*Task prompt*
Everything in the listing except the pictures should be written out exactly.

*Records shown*
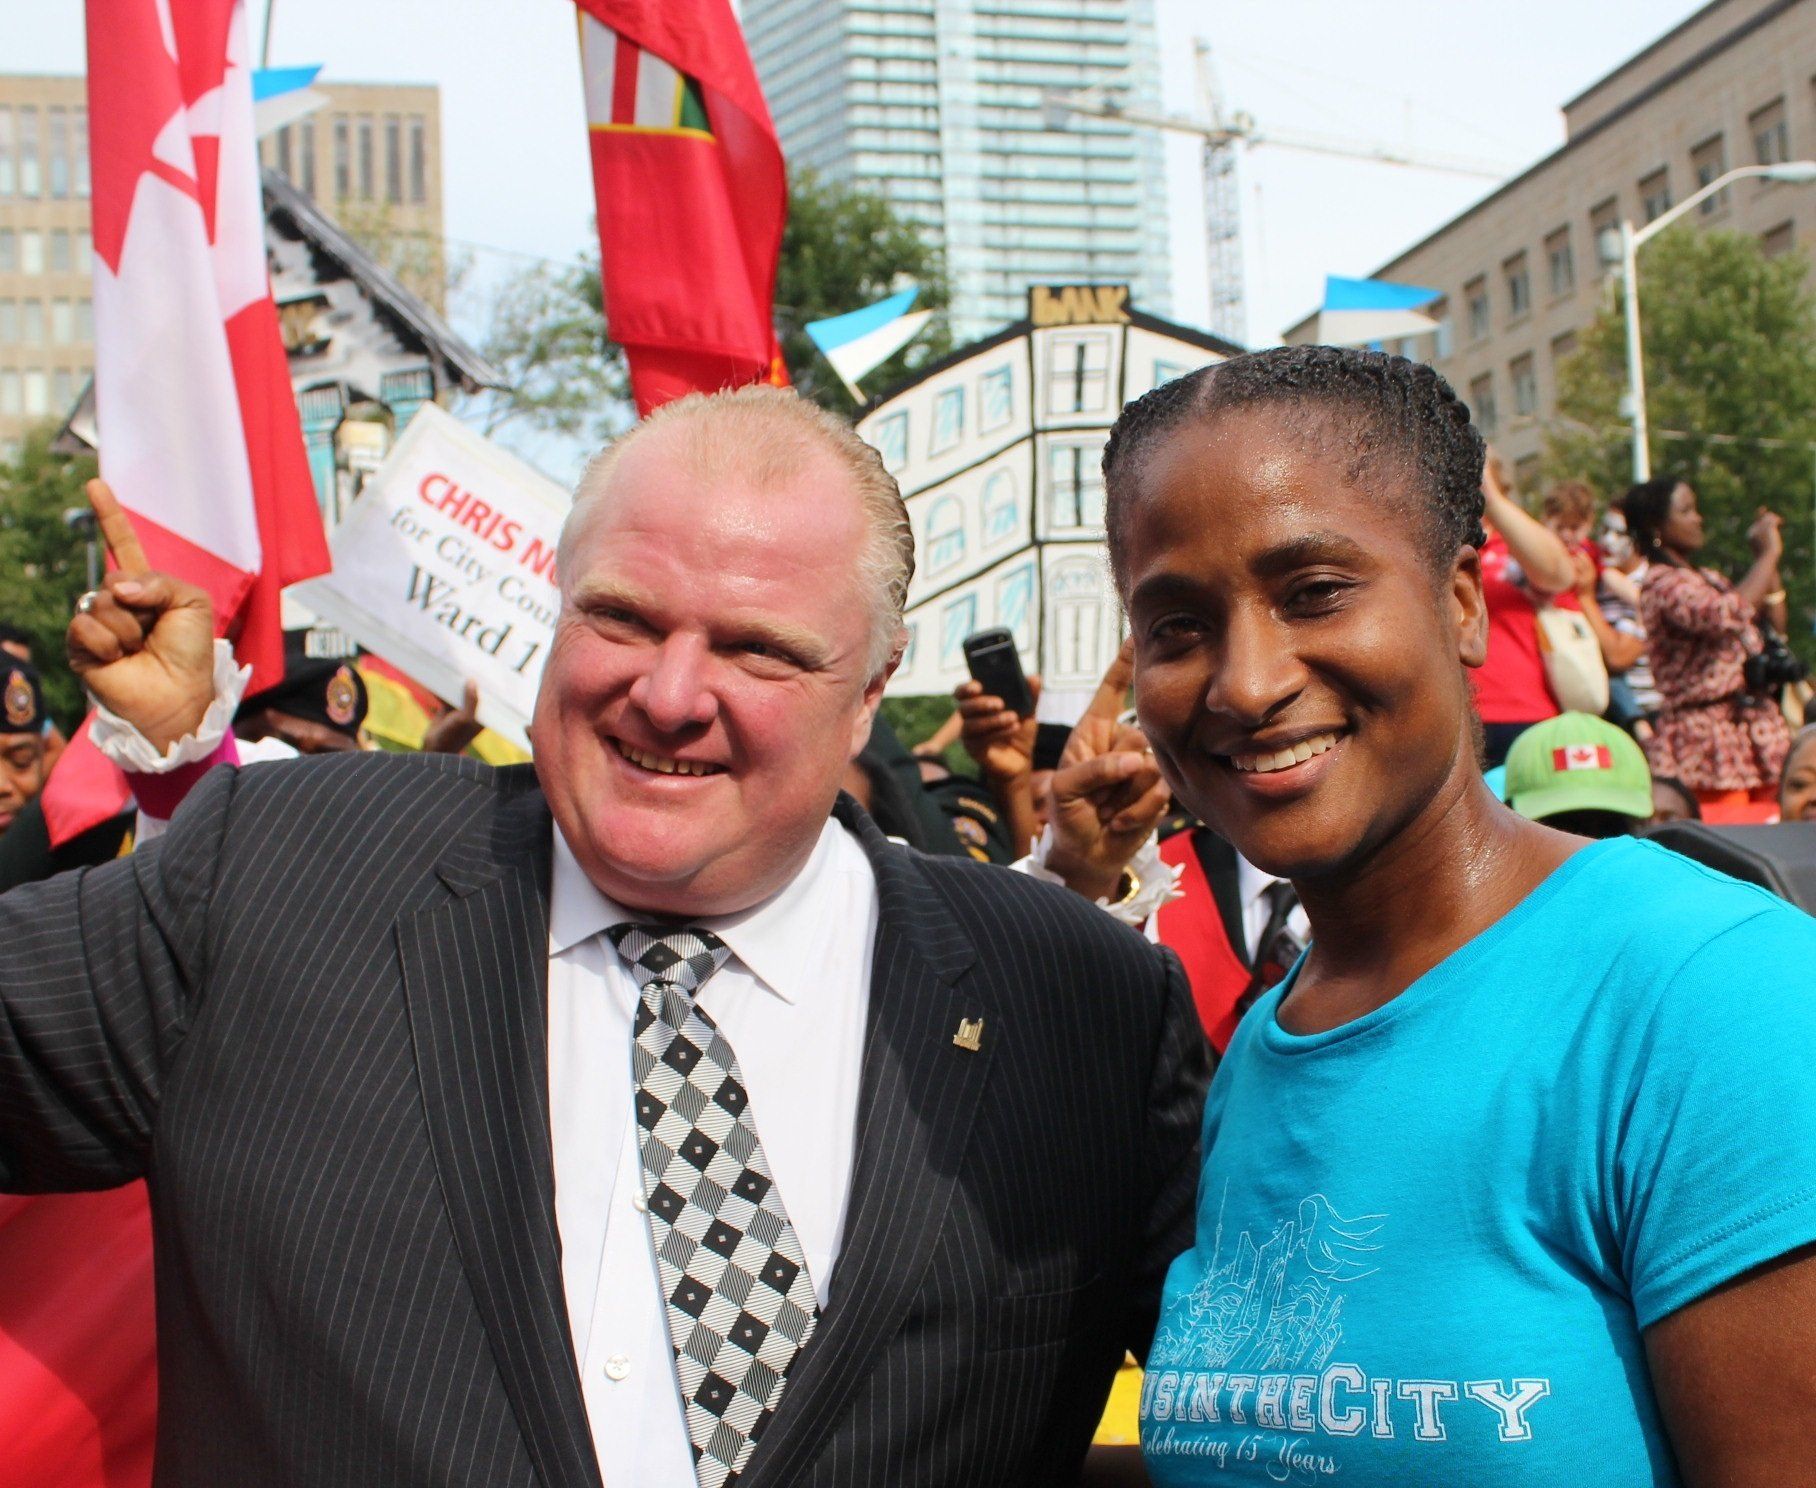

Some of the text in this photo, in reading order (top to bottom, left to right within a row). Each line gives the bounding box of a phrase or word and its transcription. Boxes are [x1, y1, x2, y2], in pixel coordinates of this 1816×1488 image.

[389, 506, 431, 544] for
[437, 534, 492, 586] City
[418, 472, 523, 551] CHRIS
[406, 563, 513, 656] Ward
[1236, 1434, 1263, 1461] 15
[1264, 1432, 1342, 1486] Years
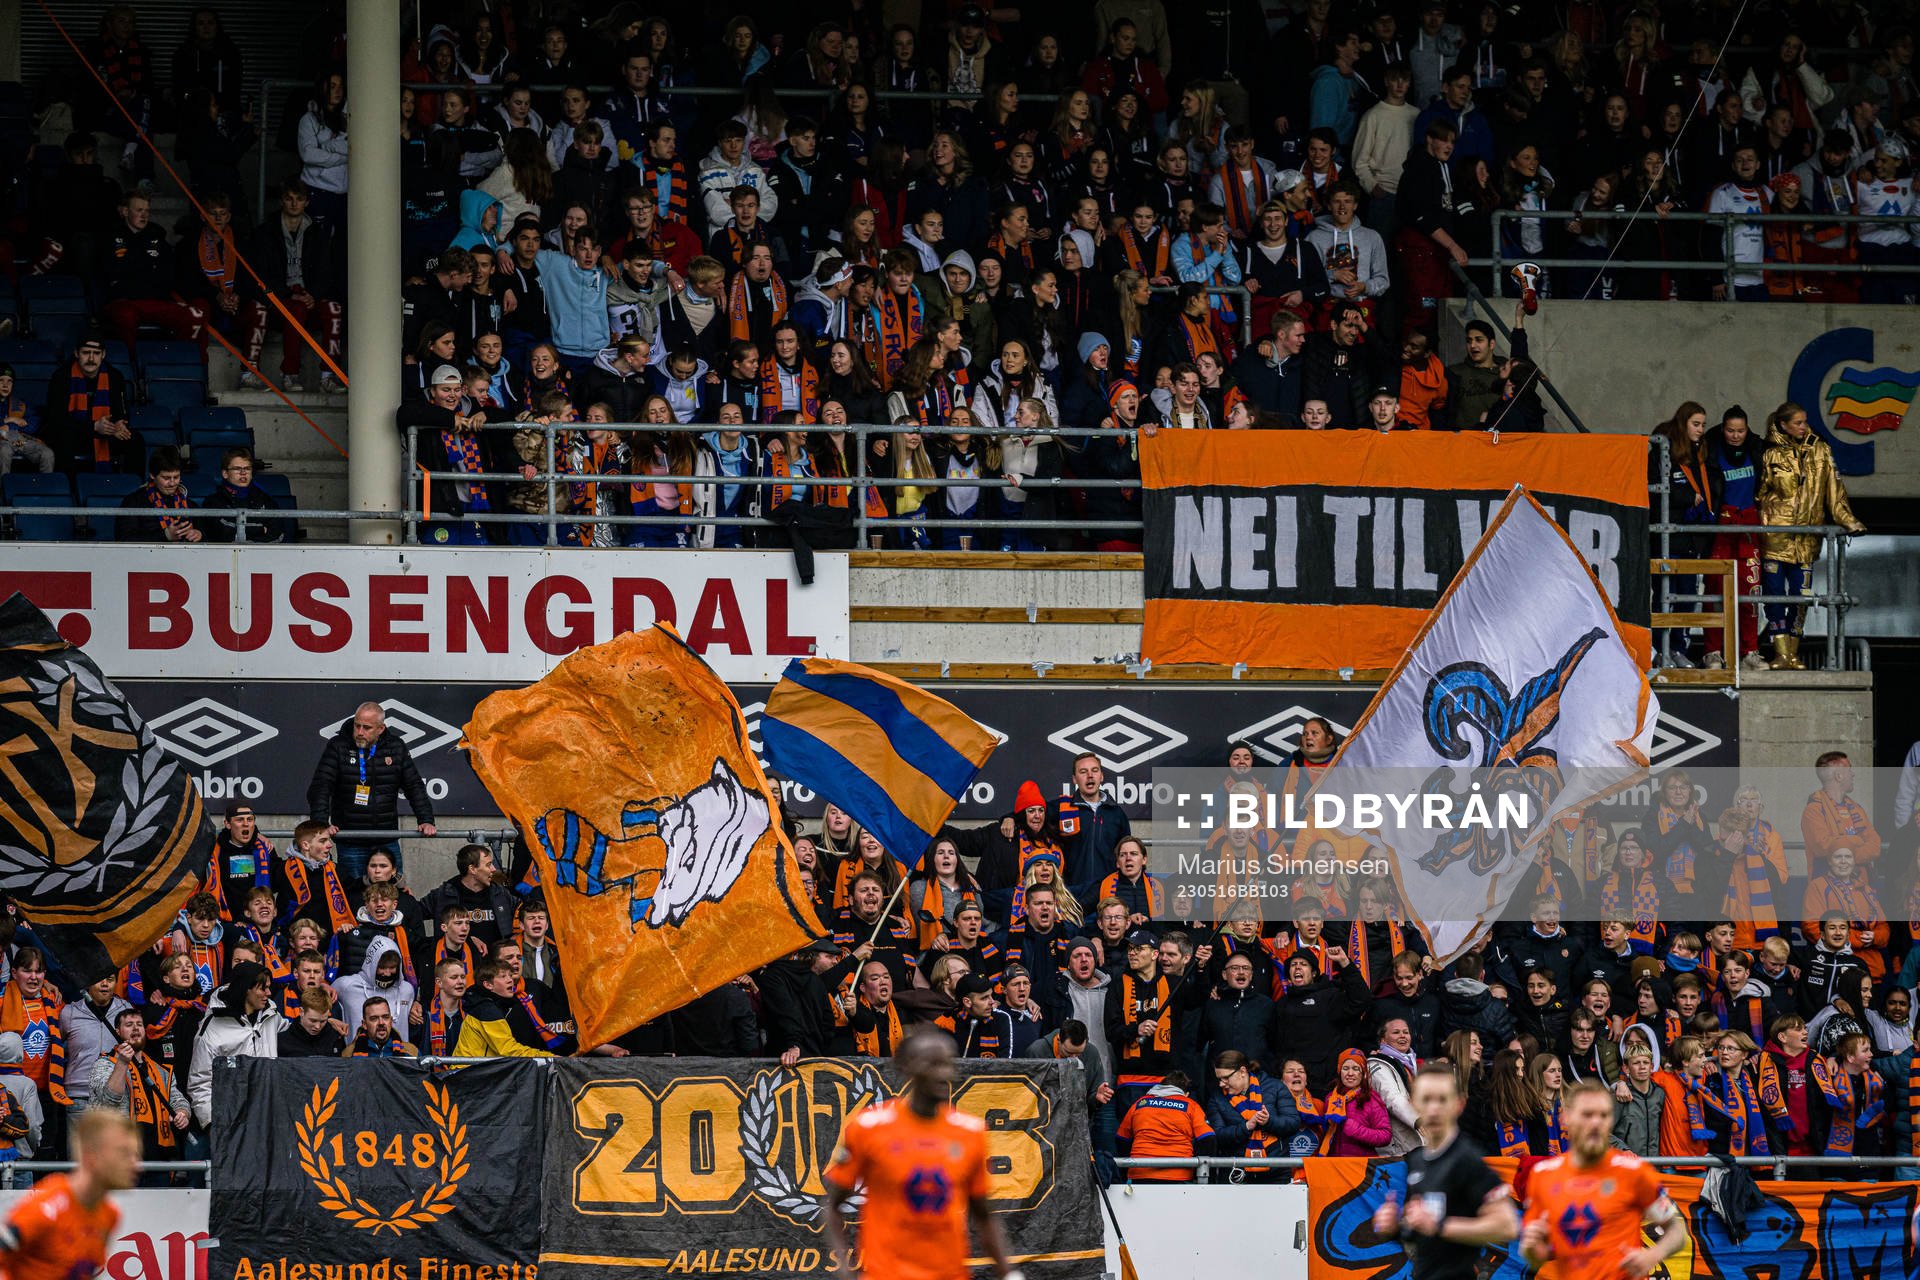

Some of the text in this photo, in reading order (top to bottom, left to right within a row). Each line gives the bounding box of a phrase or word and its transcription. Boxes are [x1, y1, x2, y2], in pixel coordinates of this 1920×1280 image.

*Exercise response*
Some of the text in this photo, in reading order (top to bottom, left to right within a row). Each line gives the bounding box of a phrase or word and its transcription. Boxes are [x1, y1, x2, y2], in pixel coordinates of this 1816×1488 image.

[389, 506, 431, 544] for
[437, 534, 492, 586] City
[418, 472, 523, 551] CHRIS
[406, 563, 513, 656] Ward
[1236, 1434, 1263, 1461] 15
[1264, 1432, 1342, 1486] Years

Some of the text in this photo, in reading order (top to bottom, left to right within a row). Each line gives the bounding box of a phrase or word and its transcription. Boxes are [x1, y1, x2, y2], in pixel coordinates of this 1920×1280 image.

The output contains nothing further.